伽 草 子

<とぎそうし>
団塊の世代が綴る随感録

ミノルホド コウベヲタレル イナホカナ

2006年12月04日 | エッセー
 今年は、地方の首長に不正が相次いだ。正確にいうと、相次いで不正が明るみに出た。入札絡みの事件では、知事レベルで3件。福島、和歌山に次いで、いま宮崎が渦中にある。市町レベルでは5件。まさか「地方の時代」のさきがけでもあるまい。
 四捨五入して言うと、遠因は小選挙区制の導入にある。近因は検察がスタンスを変えたことだ。
 中選挙区とちがい小選挙区では1人しか当選しない。ひとつの政党で複数の立候補はない。当然、党主導になる。派閥は力を削がれる。特定の勢力を代弁していた族議員も減退しつつある。選挙区内をまんべんなくカバーしないと当選できなくなった。いままでの特定勢力の票だけでは足りなくなったのだ。
 政官業はピラミッドを成す。一時代前までは頂点に有力国会議員が君臨して、増え続けるパイを取り分けていた。しかし、いまやパイは細り続けている。構造自体が変容している。加えて、小泉改革。中途半端ではあったものの「国から地方へ」のベクトルはより強まった。国の力が低下した分、相対的に知事のプレゼンスが大きくなった。小さいながらも大統領制的な権限を知事は持っている。

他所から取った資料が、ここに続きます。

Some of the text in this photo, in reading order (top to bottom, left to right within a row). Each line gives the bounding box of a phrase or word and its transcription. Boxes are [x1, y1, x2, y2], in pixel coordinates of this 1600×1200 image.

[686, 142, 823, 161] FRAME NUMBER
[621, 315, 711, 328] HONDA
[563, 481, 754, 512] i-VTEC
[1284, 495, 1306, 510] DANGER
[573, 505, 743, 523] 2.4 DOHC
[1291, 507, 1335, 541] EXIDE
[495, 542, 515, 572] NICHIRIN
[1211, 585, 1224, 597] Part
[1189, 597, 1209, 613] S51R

 さらに、今年1月、改正された独占禁止法が施行された。罰則が強化され、起訴権限も地検にまで拡大された。「談合は必要悪という意見もあるが、談合で7、8割の金額でできる公共事業の値段を吊り上げている。これは国民の税金をだまし取る詐欺のようなものだ」との検察トップの認識もあった。贈収賄から談合の摘発へ、検察がスタンスを変えた。かつ、業界もいまサバイバル・ゲーム。かつての「鉄の結束」は崩れつつある。受注絡みの不満はすぐに噴出し、摘発への有力な内部情報が得やすくなった。

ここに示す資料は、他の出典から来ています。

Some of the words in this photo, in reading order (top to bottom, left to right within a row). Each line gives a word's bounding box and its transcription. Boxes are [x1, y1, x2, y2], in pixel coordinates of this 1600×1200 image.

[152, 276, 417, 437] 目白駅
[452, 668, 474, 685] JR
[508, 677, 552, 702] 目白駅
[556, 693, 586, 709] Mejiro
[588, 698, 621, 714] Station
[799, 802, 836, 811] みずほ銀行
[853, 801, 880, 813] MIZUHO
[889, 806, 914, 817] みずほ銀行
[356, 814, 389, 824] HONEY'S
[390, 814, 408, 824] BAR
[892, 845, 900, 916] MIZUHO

 かくて、知事による不正の連鎖「知事ドミノ」となった。
 最近聞いた話 ―― 大量飼育の養豚場は10頭づつぐらいの小部屋に仕切られている。10キロ強の子豚を3倍にして出荷する。餌は機械仕掛けで小さな箱に供給される。群がっては食えない。ところが各部屋にボスがいて、餌の順番を取り仕切る。しかし、悲しいかな一番始めにたらふく食うボスが最初に大きくなる。したがって出荷が最初なのだそうだ。 ―― 身につまされる向きがあるかもしれない。

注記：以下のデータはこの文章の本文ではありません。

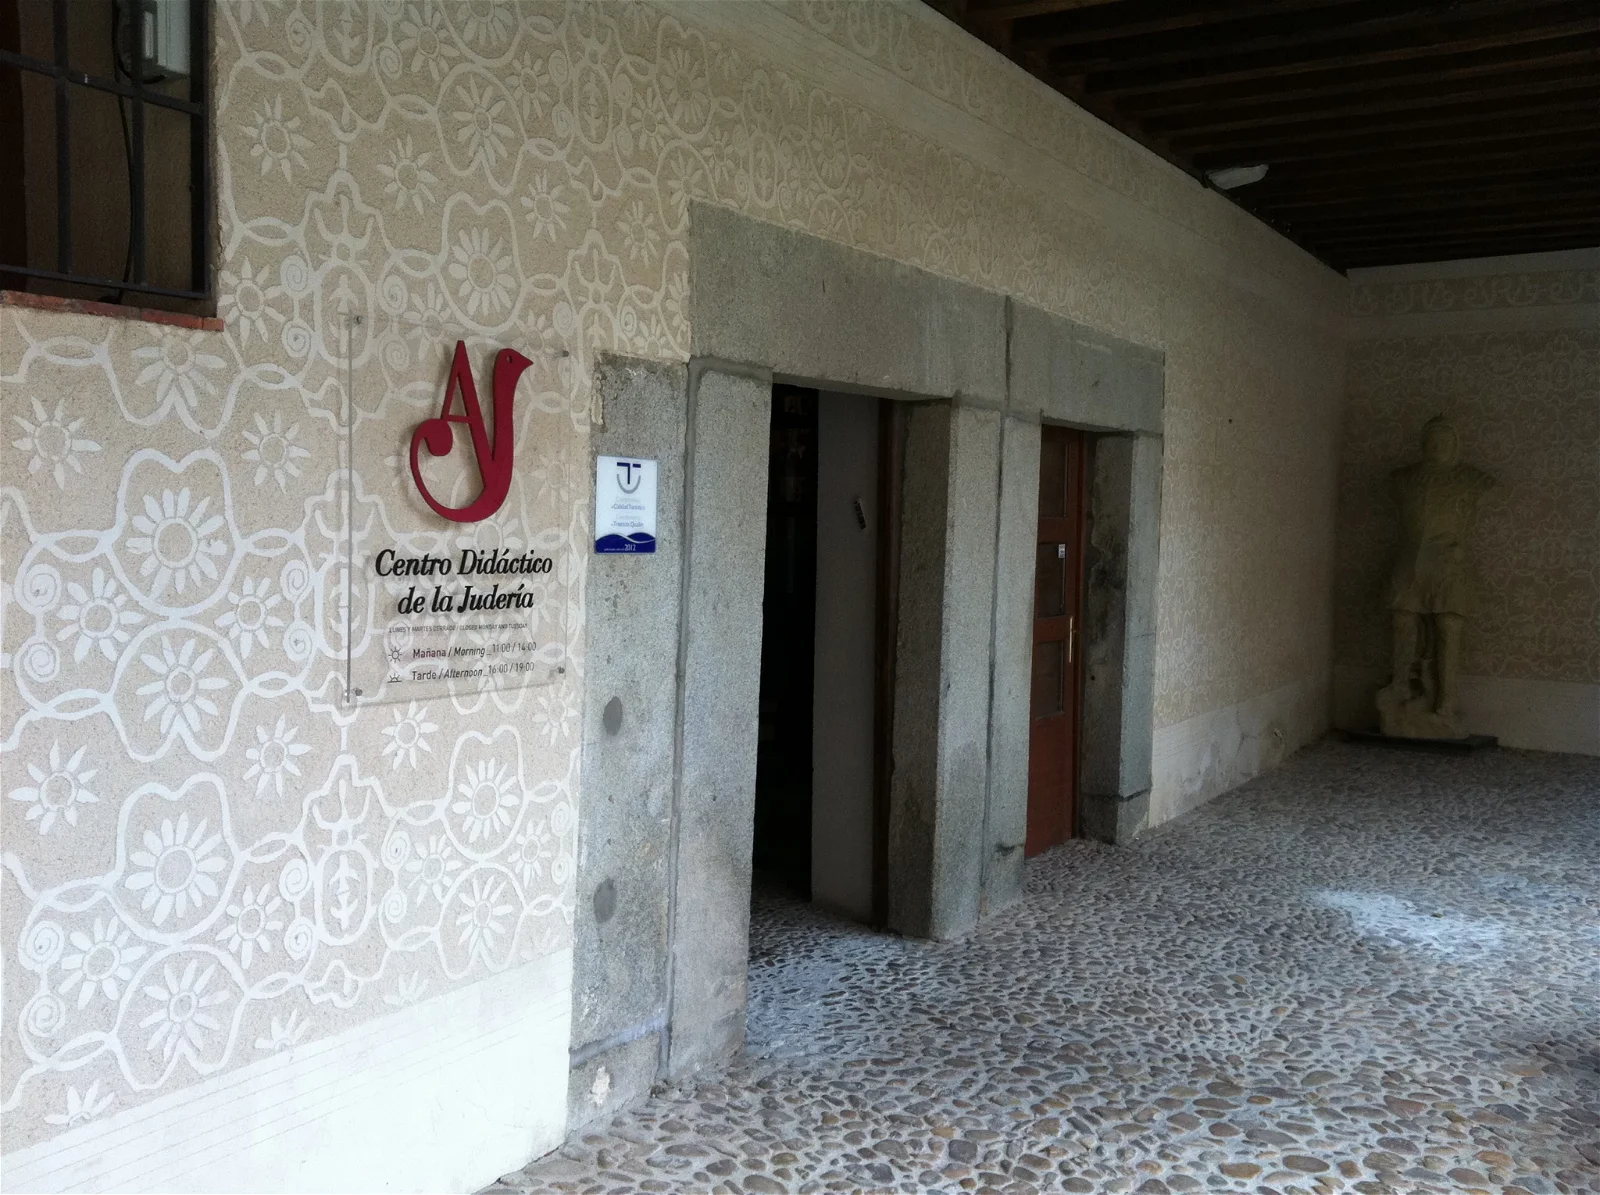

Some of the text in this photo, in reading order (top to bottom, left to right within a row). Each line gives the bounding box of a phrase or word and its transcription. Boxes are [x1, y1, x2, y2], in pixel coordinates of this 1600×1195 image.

[624, 543, 637, 552] 2012
[375, 548, 553, 576] Centro Didáctico
[397, 583, 534, 614] de la Judería
[412, 648, 447, 659] Mañana
[453, 646, 486, 658] Morning
[411, 670, 437, 681] Tarde
[443, 668, 483, 679] Afternoon
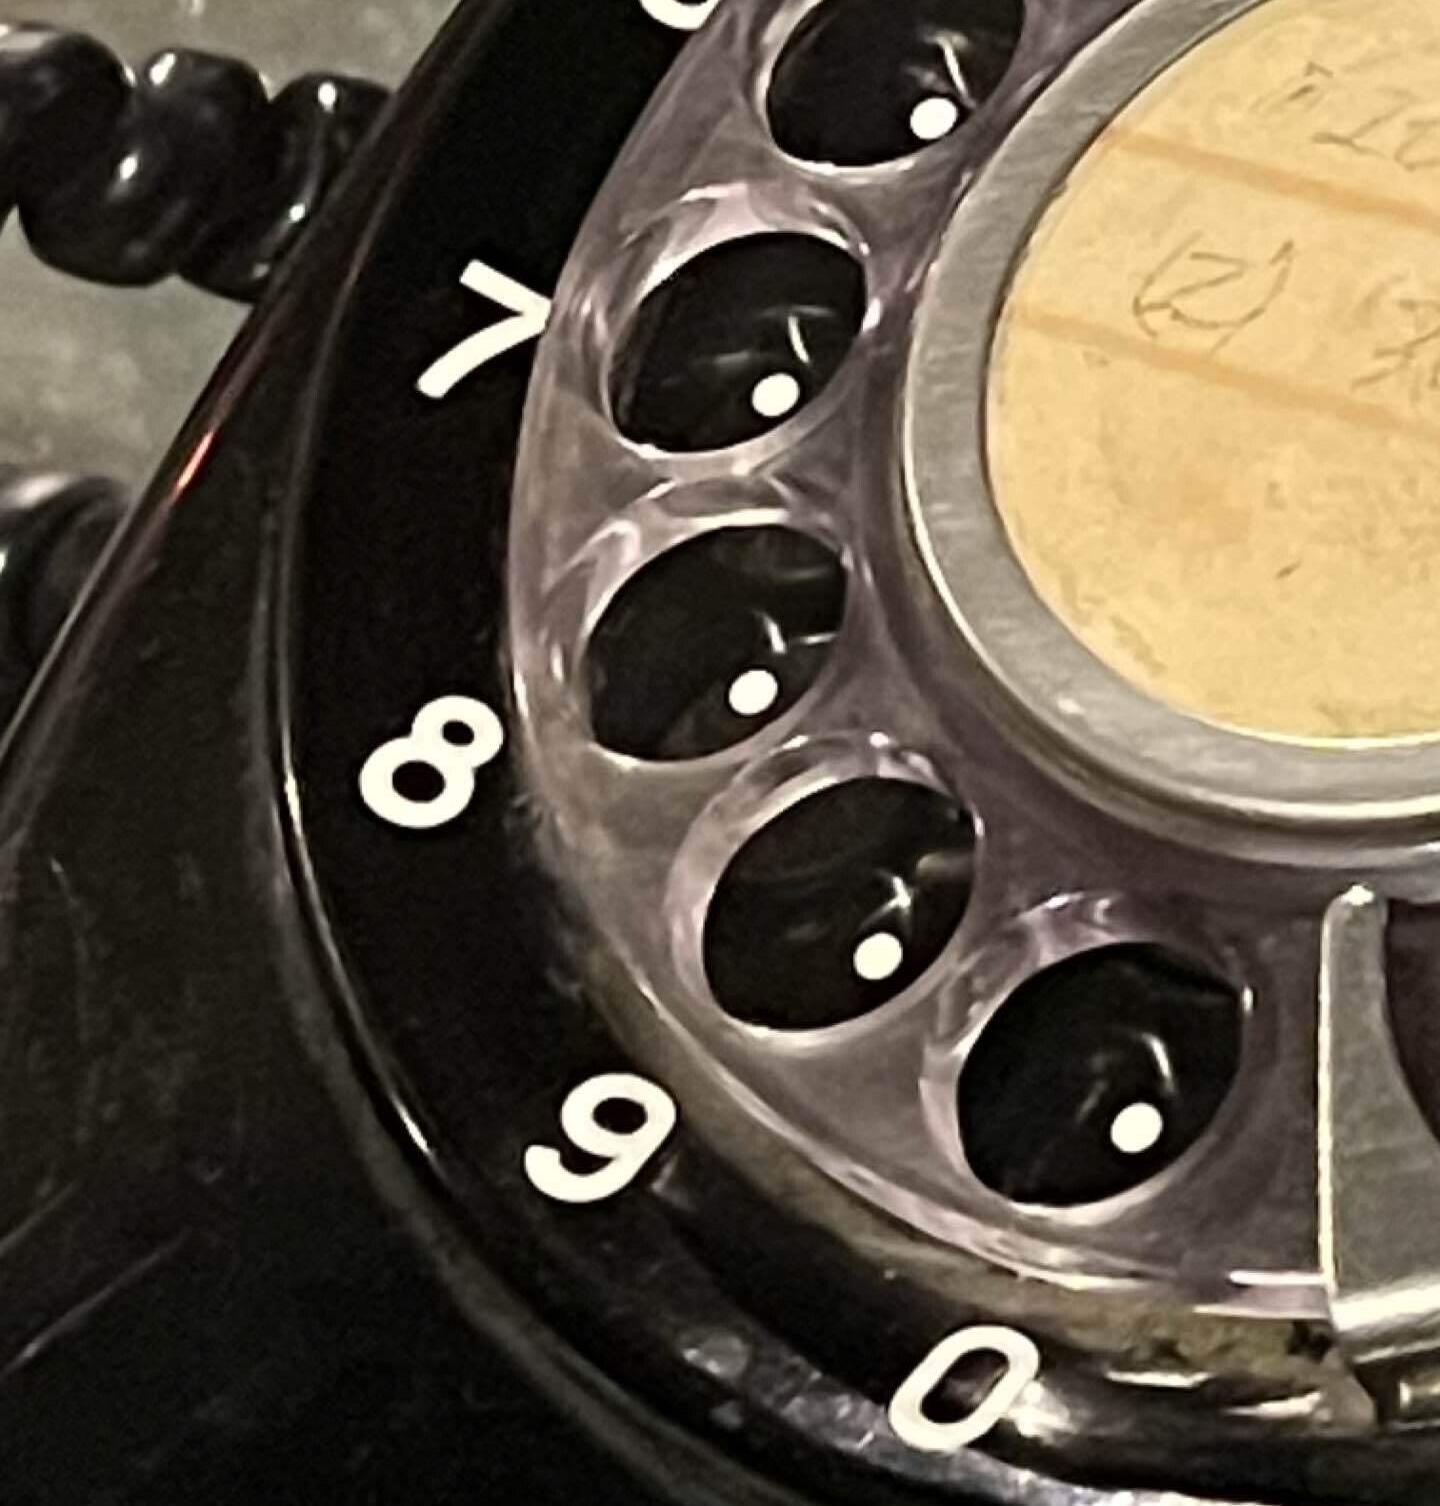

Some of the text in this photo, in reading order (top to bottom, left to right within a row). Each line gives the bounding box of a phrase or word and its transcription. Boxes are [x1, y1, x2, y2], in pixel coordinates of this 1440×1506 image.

[416, 259, 553, 399] 7
[359, 694, 505, 829] 8
[524, 1073, 676, 1204] 9
[887, 1324, 1041, 1455] 0

 かの知事たちは稔るほどに頭(コウベ)をもたげ、ついに「天の声」を発するに至った。しばらく養豚場にでも出向いて、生態を観察していただいてはいかがか。
 ヨーロッパでは「ノブレス・オブリージュ」という。「高貴なる者に義務あり」だ。民主主義の大鉄則といわれる。政治家は権力をもつ分、身を律し民衆に尽くせ、と。さらに、ドイツの詩人・ハイネは綴る。「わたしの国民よ、あなたは国家の真の皇帝であり、真の君主である」。民主主義の『民主』とは、何あろう、このことではないか。これが為政者の本来の姿だとすれば、今の世はまさに転倒だ。この転倒を正さないかぎり、「浜の真砂(マサゴ)は尽くるとも世に盗人の種はたへせじ」だ。石川五右衛門、辞世の高笑いが聞こえる。ガンジーはカースト最下層の民を「ハリジャン」神の子と呼んで慈しんだ。カースト制度への対応について甲論乙駁はあるものの、ガンジーの真情と言動に嘘はない。
 
 「つま恋」を受けての『たくろう全国ツアー』が跳ねた。どの会場も2時間40分、圧倒的なパワーで押しまくった。今回のツアー、タイトルは「ミノルホド コウベヲタレル イナホカナ」。エンディングは、いつものように1分に及ぶ長く、深いお辞儀であった。